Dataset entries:
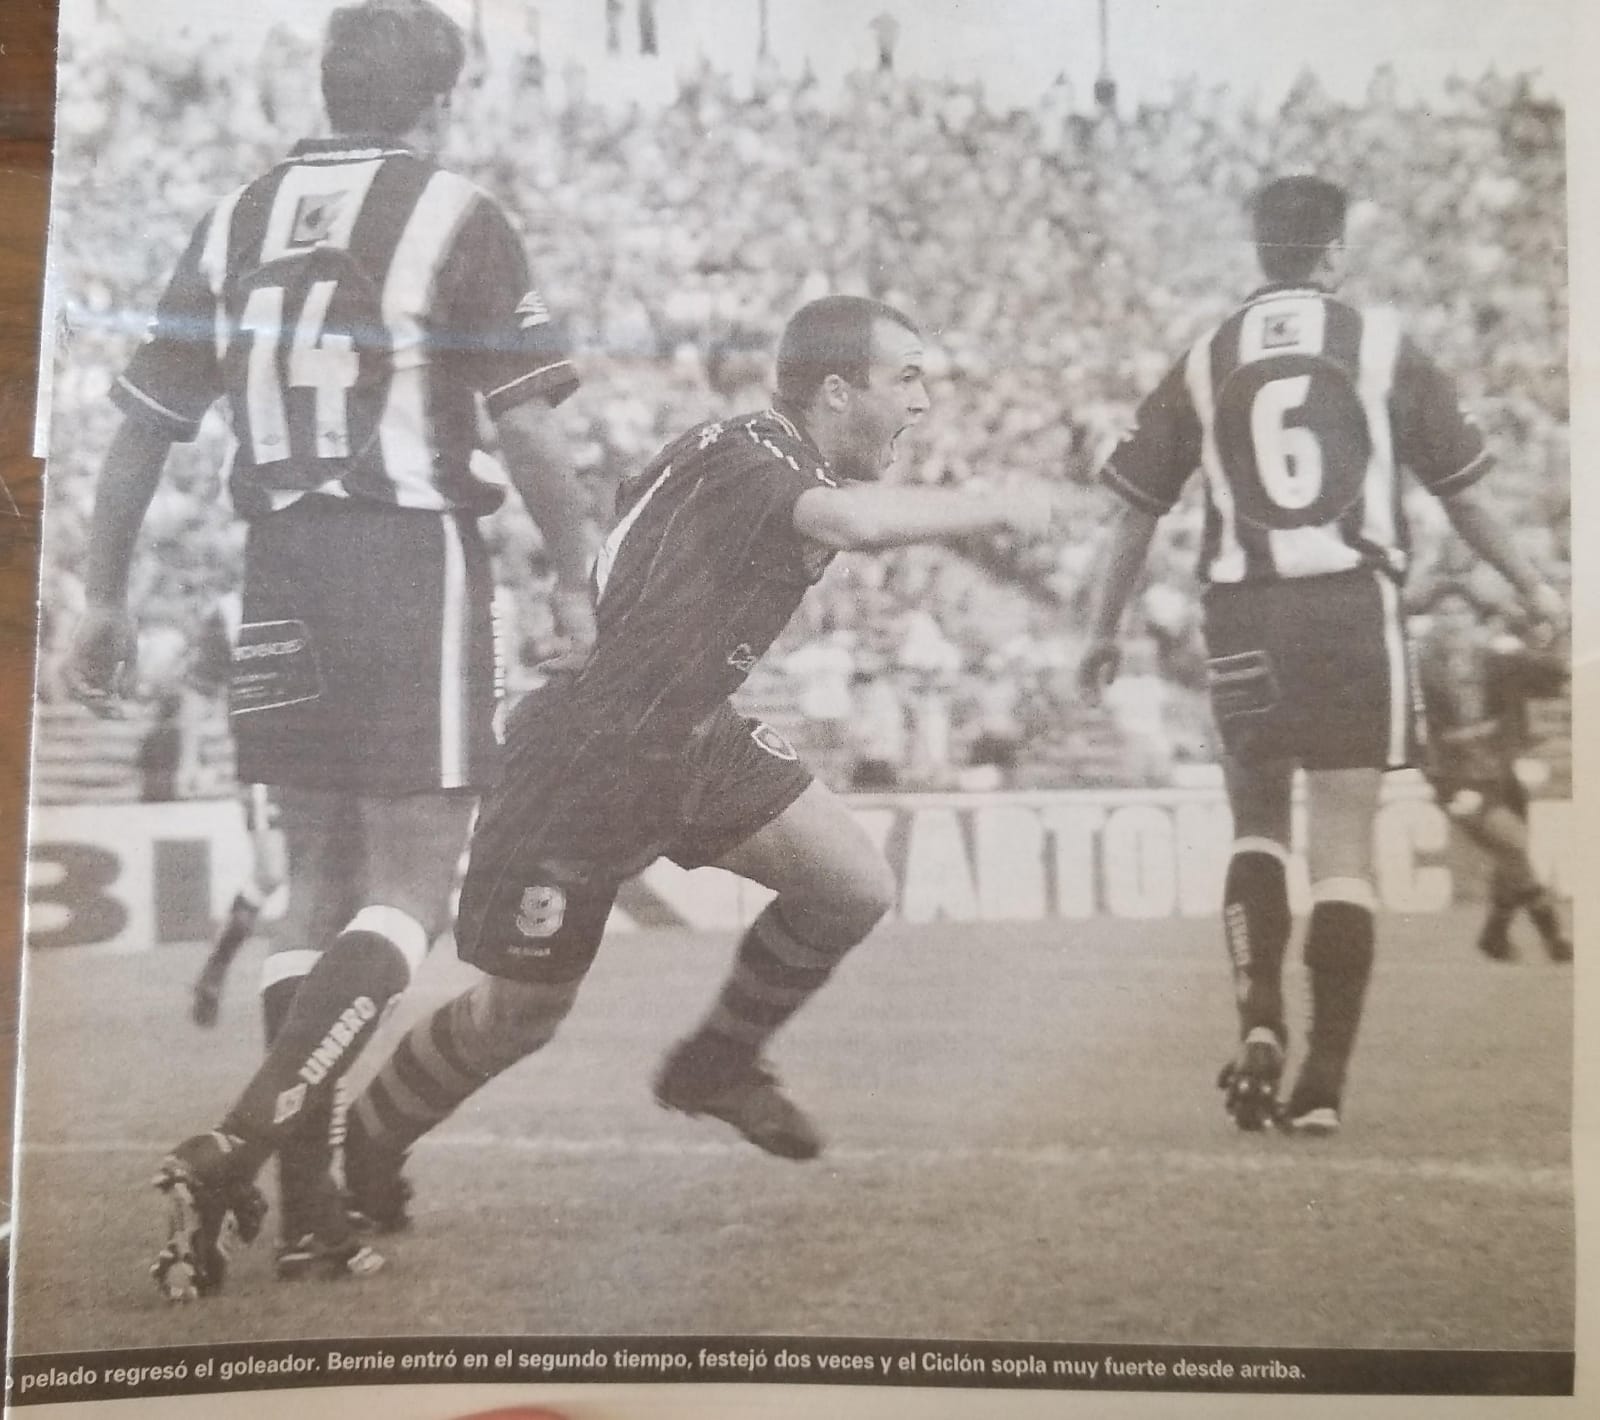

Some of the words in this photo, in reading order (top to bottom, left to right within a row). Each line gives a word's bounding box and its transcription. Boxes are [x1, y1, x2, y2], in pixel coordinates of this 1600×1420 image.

[240, 280, 361, 465] 14
[1250, 374, 1324, 510] 6
[299, 995, 378, 1086] UMBRO
[20, 1365, 98, 1394] pelado
[104, 1359, 188, 1386] regresó
[194, 1358, 214, 1378] el
[219, 1353, 321, 1381] goleador.
[327, 1350, 396, 1371] Bernie
[400, 1349, 458, 1369] entró
[463, 1353, 489, 1368] en
[494, 1348, 513, 1368] el
[518, 1348, 608, 1372] segundo
[613, 1348, 693, 1372] tiempo,
[698, 1348, 768, 1372] festejó
[773, 1348, 812, 1369] dos
[816, 1354, 875, 1370] veces
[879, 1356, 893, 1375] y
[898, 1351, 916, 1371] el
[921, 1351, 986, 1373] Ciclón
[991, 1354, 1047, 1378] sopla
[1053, 1360, 1099, 1379] muy
[1103, 1356, 1167, 1377] fuerte
[1172, 1358, 1235, 1378] desde
[1240, 1359, 1306, 1379] arriba.
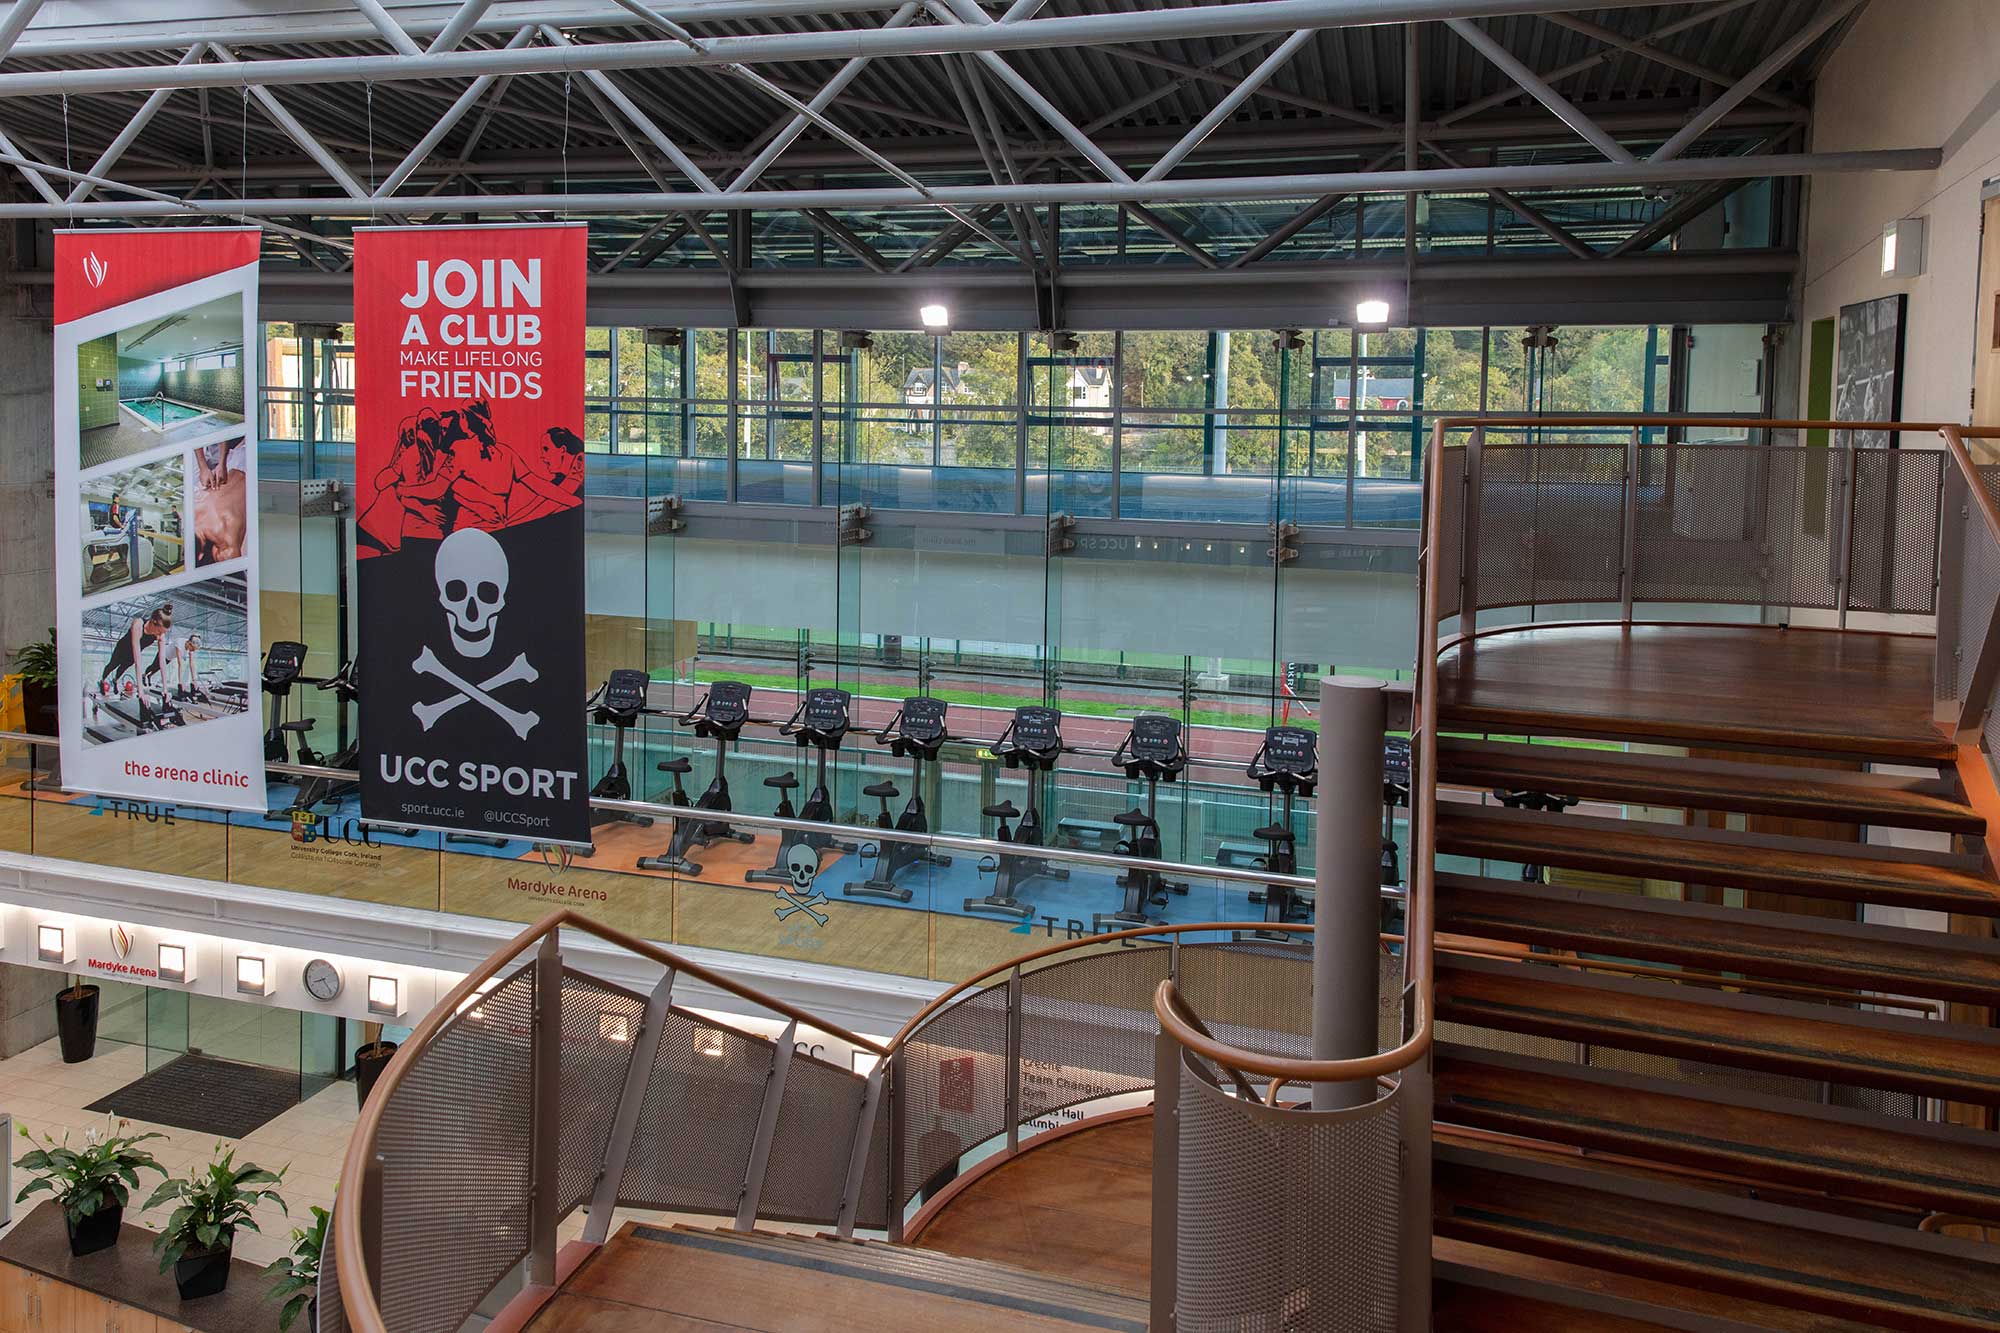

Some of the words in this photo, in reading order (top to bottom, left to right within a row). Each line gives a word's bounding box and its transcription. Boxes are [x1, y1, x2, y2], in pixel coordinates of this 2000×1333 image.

- [Exercise objective] Print the records verbatim, without pictures.

- [Solution]
Some of the words in this photo, in reading order (top to bottom, left to right within a row). Each line gives a word's bounding box and its transcription. Boxes are [x1, y1, x2, y2], in pixel coordinates of this 1600×1420 image.

[240, 280, 361, 465] 14
[1250, 374, 1324, 510] 6
[299, 995, 378, 1086] UMBRO
[20, 1365, 98, 1394] pelado
[104, 1359, 188, 1386] regresó
[194, 1358, 214, 1378] el
[219, 1353, 321, 1381] goleador.
[327, 1350, 396, 1371] Bernie
[400, 1349, 458, 1369] entró
[463, 1353, 489, 1368] en
[494, 1348, 513, 1368] el
[518, 1348, 608, 1372] segundo
[613, 1348, 693, 1372] tiempo,
[698, 1348, 768, 1372] festejó
[773, 1348, 812, 1369] dos
[816, 1354, 875, 1370] veces
[879, 1356, 893, 1375] y
[898, 1351, 916, 1371] el
[921, 1351, 986, 1373] Ciclón
[991, 1354, 1047, 1378] sopla
[1053, 1360, 1099, 1379] muy
[1103, 1356, 1167, 1377] fuerte
[1172, 1358, 1235, 1378] desde
[1240, 1359, 1306, 1379] arriba.

Some of the words in this photo, in reading order (top to bottom, left to right within a row). Each line gives a word's bounding box and its transcription. Boxes are [x1, y1, x2, y2], in pixel coordinates of this 2000×1333 image.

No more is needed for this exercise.